LES FONDEMENTS DE LA COMMUNICATION FACE A FACE
LES MESSAGES NONVERBAUX Bien que nous étudiions pour des raisons d’ordre pédagogique les formes de la communication nonverbale une à une, elles sont toutes reliées entre elles dans le fait. En même temps, leur étude relève de la transdisciplinarité et s’effectue au cadre d’équipes de chercheurs venus d’horizons très divers : anthropologues, sociologues, linguistes, psychologues et médecin psychiatres. Ainsi l’anthropologue Ray Birdwhistell (1968), influencé par la linguistique descriptive et structurale, crée-t-il la kinésique ou l’étude des mouvements corporels. Ce chercheur argue que la signification d’un geste n’existe pas, car le geste s’intègre dans un système interactionnel à multiples canaux qui se confirment ou s’infirment mutuellement. Pour lui, gestualité et langage s’intègrent dans un système constitué d’une multitude de modes de communication, tels que le toucher, l’odorat, l’espace et le temps. Si une place si importante est accordée au langage dans les recherches sur la communication face à face, c’est sans doute parce que le langage est un mode de communication essentiel, mais aussi parce que les travaux sur les autres modes sont encore très peu développés. Pour Birdwhistell, il n’est donc pas possible de déterminer une hiérarchie des modes de communication selon leur importance dans le processus interactionnel. Si le mode verbal porte le plus souvent l’information intentionnelle explicite, d’autres modes assurent des fonctions tout aussi nécessaires au bon déroulement de l’interaction. Ainsi l’étude isolée du langage ou de la gestualité n’intéresse plus ce chercheur qui s’adonne, par exemple, à des travaux concernant les marqueurs kinésiques qui accompagnent les pronoms et les adverbes ainsi que les kinèmes d’accentuation et de jonction qui ponctuent, découpent et relient les éléments du flot verbal au cadre d’une étude qu’il nomme lui-même « linguistico-kinésique »
Quelques marqueurs kinésiques de la syntaxe américaine selon R. Birdwhistell ( in Y. Winkin, 1984, 73)

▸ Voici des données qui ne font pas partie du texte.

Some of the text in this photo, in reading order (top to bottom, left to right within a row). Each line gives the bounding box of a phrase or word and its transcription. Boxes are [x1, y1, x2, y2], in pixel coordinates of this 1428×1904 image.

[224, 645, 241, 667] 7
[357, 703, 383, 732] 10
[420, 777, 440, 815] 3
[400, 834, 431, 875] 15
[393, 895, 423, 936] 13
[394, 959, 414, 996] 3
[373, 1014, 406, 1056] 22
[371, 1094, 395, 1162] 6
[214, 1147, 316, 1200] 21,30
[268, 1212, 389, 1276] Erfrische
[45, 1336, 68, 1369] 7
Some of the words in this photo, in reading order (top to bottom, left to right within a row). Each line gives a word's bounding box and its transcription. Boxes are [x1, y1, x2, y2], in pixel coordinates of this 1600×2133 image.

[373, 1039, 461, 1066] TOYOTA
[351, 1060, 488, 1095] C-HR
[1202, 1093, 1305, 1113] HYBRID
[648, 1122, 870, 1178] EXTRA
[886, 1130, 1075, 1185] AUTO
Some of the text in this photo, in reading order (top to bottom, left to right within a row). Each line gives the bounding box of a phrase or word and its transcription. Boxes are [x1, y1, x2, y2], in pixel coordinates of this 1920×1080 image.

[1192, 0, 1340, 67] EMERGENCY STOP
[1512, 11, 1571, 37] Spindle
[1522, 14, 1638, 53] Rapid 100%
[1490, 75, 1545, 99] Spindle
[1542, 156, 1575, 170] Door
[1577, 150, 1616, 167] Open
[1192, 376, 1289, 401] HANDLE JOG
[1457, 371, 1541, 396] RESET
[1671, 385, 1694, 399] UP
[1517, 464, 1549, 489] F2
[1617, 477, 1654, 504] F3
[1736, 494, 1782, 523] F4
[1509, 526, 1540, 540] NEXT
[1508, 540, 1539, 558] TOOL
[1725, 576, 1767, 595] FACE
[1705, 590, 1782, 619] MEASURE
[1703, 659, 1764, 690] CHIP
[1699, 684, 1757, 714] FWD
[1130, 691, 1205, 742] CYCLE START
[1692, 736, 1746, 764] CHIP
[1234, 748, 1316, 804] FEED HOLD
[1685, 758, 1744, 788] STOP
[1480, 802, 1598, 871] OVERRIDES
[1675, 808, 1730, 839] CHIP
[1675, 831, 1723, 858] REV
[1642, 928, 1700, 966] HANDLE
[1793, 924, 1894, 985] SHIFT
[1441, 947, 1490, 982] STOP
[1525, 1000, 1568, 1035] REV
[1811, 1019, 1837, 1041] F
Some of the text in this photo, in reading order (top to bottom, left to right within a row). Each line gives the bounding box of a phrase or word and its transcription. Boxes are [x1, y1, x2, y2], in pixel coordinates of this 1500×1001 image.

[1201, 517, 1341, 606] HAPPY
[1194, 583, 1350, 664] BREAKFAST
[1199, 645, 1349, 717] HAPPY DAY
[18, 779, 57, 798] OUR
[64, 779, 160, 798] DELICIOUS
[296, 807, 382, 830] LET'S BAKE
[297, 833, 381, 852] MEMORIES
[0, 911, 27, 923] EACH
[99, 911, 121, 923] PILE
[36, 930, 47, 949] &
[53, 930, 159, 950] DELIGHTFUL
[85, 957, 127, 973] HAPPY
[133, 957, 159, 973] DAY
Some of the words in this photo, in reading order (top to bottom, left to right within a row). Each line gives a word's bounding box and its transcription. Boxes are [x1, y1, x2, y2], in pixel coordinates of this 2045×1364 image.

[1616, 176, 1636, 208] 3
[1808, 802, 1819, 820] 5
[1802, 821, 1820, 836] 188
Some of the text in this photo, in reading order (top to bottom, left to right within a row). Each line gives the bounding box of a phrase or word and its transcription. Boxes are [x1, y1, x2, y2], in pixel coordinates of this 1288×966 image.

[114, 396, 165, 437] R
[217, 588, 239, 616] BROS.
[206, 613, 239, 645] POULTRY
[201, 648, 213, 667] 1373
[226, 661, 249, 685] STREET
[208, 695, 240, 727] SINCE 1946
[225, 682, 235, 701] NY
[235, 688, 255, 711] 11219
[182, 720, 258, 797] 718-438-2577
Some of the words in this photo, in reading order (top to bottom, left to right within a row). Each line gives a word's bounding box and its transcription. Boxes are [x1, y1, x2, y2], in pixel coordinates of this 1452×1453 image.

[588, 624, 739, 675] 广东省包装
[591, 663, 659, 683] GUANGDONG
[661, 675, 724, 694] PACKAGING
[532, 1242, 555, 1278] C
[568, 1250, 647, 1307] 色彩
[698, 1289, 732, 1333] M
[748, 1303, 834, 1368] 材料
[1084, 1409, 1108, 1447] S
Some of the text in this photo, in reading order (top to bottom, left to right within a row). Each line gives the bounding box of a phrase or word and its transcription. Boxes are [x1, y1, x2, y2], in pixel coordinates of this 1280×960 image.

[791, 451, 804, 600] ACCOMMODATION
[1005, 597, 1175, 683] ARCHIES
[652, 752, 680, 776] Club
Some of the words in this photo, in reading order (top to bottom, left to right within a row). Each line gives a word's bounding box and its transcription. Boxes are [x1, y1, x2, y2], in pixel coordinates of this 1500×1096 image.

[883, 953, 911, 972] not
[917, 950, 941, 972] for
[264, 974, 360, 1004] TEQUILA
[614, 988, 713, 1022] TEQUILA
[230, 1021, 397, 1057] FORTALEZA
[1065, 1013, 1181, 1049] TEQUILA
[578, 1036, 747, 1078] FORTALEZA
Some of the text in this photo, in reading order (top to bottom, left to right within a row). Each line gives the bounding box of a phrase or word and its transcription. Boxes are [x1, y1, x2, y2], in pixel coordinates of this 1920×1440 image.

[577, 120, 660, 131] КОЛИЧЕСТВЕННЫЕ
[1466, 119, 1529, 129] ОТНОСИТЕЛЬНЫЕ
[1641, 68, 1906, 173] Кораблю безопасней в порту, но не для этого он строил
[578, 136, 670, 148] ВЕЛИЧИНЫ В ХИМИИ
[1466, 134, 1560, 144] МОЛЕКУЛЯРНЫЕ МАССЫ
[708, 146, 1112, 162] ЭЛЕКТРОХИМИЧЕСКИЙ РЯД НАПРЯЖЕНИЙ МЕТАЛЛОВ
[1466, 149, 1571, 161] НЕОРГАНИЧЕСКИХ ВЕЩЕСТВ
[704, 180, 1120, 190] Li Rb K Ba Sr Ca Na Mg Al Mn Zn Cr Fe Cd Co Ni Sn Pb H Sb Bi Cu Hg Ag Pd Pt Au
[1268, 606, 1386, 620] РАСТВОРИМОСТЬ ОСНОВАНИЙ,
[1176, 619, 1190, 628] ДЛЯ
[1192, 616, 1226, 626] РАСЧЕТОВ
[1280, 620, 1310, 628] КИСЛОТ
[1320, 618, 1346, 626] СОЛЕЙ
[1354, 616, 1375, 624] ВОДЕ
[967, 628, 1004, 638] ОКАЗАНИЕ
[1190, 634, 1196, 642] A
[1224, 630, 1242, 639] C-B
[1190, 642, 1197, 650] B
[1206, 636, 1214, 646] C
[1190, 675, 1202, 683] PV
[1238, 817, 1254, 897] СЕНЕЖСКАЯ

LA COMMUNICATION NONVERBALE
LES « CATEGORIES MAJEURES DE L’ACTION » Les taxinomies concernant les comportements communicatifs que nous avons consultées (A.E. Scheflen (1965/1984, 147), S. Duncan Jr. et D. Fiske (1977,6), R. Ghiglione (1986,144)) sont élaborées à partir de nombreuses études pour la plupart transdisciplinaires, entreprises surtout dans la deuxième moitié du XXe siècle. Les comportements qui contribuent à l’interaction verbale face à face sont nommés par Duncan et Fiske « major categories of action ». Or, parmi ces catégories, il n’est pas sans intérêt de mentionner le fait que ce n’est qu’en dernier lieu que ces auteurs citent le langage verbal « tel qu’il est traditionnellement défini ». Selon A.E. Scheflen (dont nous avons pris la plupart des comportements compris dans le « TABLEAU DES COMPORTEMENTS COMMUNICATIFS ») il est restrictif de parler de comportement verbal et nonverbal, car bien des composantes de la communication face à face transgressent ce cadre. Le tableau ci-après représente une énumération, chaque comportement étant illustré – sans prétentions exhaustives – par des chercheurs représentatifs pour chaque domaine. Ajoutons le fait que l’interaction incessante entre verbal et nonverbal a conduit T. Slama-Cazacu à la création du concept de « syntaxe mixte » (1976, 1977,1979,1999), tant il est vrai que ces deux principaux canaux de la communication humaine sont inextricablement imbriqués. L’émission ainsi que la réception dans la communication face-à-face ne saurait ignorer l’implication d’au moins trois des canaux perceptifs : auditif, visuel et kinésique (T. Slama-Cazacu, 1999, 184-196).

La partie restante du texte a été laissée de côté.